To do => Let the line containing "this 1450×2576 image." serve as the first line of the answer and the final line of the entries as its last, with every line between copied exactly.

Data to process =>
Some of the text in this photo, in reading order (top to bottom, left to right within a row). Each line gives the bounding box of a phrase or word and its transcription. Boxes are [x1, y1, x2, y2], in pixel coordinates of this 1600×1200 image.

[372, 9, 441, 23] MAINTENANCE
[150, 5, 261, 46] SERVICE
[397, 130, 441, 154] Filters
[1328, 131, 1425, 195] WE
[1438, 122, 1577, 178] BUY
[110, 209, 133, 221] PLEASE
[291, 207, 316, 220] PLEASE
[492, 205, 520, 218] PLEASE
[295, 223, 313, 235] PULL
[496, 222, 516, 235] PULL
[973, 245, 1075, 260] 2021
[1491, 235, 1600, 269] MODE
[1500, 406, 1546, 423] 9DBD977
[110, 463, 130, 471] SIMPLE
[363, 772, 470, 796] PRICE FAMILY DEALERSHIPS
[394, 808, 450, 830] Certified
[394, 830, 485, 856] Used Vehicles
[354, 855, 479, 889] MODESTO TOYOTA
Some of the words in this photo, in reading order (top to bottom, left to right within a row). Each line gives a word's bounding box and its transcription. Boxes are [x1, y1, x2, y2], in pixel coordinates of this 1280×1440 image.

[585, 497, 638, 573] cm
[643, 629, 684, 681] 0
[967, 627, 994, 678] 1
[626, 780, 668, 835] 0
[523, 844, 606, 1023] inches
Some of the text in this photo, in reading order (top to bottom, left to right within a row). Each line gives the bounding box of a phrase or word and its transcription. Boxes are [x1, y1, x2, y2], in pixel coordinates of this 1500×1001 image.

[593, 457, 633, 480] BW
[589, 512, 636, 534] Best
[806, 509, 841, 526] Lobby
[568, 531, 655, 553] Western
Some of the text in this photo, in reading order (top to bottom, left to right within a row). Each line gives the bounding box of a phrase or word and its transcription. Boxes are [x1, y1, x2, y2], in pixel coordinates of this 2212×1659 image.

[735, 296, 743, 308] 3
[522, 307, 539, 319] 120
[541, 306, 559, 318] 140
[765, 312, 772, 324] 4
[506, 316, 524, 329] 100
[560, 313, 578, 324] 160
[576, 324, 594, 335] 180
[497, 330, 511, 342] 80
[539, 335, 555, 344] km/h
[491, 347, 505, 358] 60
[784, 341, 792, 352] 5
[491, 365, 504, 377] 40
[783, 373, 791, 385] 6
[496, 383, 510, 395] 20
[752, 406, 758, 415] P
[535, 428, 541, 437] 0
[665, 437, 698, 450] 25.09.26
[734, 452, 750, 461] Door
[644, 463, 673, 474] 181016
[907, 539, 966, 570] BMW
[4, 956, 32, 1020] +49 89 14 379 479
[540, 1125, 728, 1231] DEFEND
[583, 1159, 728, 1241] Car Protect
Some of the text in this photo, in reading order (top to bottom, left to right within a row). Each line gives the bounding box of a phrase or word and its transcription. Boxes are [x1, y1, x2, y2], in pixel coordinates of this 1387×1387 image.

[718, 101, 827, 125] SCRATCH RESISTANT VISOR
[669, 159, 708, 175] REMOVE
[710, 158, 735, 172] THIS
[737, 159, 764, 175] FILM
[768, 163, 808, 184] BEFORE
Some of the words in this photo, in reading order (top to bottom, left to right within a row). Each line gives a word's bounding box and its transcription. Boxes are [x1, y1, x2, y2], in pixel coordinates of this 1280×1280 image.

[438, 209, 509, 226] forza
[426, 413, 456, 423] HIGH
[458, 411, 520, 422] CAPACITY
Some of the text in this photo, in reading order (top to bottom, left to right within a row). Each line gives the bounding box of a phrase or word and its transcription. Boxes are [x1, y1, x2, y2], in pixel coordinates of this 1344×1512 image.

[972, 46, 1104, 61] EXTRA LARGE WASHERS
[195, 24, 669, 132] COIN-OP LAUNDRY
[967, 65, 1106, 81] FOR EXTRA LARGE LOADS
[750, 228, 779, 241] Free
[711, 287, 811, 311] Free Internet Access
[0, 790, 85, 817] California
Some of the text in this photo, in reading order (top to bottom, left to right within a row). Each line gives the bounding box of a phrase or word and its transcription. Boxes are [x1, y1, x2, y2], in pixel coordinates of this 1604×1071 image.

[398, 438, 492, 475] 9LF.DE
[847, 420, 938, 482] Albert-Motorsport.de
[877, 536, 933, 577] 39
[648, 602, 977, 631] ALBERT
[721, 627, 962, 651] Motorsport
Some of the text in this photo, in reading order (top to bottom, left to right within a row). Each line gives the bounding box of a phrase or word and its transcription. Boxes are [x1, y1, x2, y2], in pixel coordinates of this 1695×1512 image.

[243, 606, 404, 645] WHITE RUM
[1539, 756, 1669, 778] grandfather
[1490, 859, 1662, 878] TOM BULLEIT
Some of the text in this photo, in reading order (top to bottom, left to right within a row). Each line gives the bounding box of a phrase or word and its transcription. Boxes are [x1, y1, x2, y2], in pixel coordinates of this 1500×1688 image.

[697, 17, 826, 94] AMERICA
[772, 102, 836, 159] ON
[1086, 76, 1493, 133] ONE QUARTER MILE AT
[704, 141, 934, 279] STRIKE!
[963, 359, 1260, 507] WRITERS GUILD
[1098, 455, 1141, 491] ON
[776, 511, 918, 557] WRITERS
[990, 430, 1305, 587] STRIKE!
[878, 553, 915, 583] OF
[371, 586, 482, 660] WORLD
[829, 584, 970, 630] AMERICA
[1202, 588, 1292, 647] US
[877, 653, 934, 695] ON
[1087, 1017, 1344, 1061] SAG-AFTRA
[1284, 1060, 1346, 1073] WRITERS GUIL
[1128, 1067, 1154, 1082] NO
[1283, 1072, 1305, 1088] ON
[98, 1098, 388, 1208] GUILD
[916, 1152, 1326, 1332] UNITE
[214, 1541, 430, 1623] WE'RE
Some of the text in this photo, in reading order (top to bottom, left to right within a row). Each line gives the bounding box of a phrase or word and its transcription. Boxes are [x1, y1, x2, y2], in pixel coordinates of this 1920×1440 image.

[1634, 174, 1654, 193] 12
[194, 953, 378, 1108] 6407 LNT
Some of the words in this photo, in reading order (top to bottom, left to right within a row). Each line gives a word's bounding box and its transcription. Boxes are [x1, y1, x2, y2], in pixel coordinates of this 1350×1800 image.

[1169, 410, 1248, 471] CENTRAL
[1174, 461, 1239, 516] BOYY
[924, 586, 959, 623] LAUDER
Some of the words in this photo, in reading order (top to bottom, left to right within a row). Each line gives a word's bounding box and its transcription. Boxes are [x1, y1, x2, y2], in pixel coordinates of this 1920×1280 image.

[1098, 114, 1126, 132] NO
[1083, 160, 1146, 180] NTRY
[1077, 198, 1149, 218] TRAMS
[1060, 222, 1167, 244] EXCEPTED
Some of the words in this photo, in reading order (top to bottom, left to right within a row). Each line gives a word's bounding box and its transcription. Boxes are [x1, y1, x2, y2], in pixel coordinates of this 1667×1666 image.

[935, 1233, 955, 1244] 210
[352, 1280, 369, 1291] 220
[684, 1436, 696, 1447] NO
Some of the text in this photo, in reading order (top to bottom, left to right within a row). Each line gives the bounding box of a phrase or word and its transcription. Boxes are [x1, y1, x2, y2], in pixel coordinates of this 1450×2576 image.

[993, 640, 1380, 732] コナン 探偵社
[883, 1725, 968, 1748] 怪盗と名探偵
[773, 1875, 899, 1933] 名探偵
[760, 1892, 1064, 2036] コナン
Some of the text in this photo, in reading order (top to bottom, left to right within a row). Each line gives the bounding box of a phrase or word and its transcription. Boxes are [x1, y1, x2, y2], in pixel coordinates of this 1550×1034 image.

Task response =>
Some of the text in this photo, in reading order (top to bottom, left to right within a row). Each line gives the bounding box of a phrase or word and its transcription. Boxes are [x1, y1, x2, y2], in pixel coordinates of this 1450×2576 image.

[993, 640, 1380, 732] コナン 探偵社
[883, 1725, 968, 1748] 怪盗と名探偵
[773, 1875, 899, 1933] 名探偵
[760, 1892, 1064, 2036] コナン
Some of the text in this photo, in reading order (top to bottom, left to right within a row). Each line gives the bounding box of a phrase or word and its transcription. Boxes are [x1, y1, x2, y2], in pixel coordinates of this 1550×1034 image.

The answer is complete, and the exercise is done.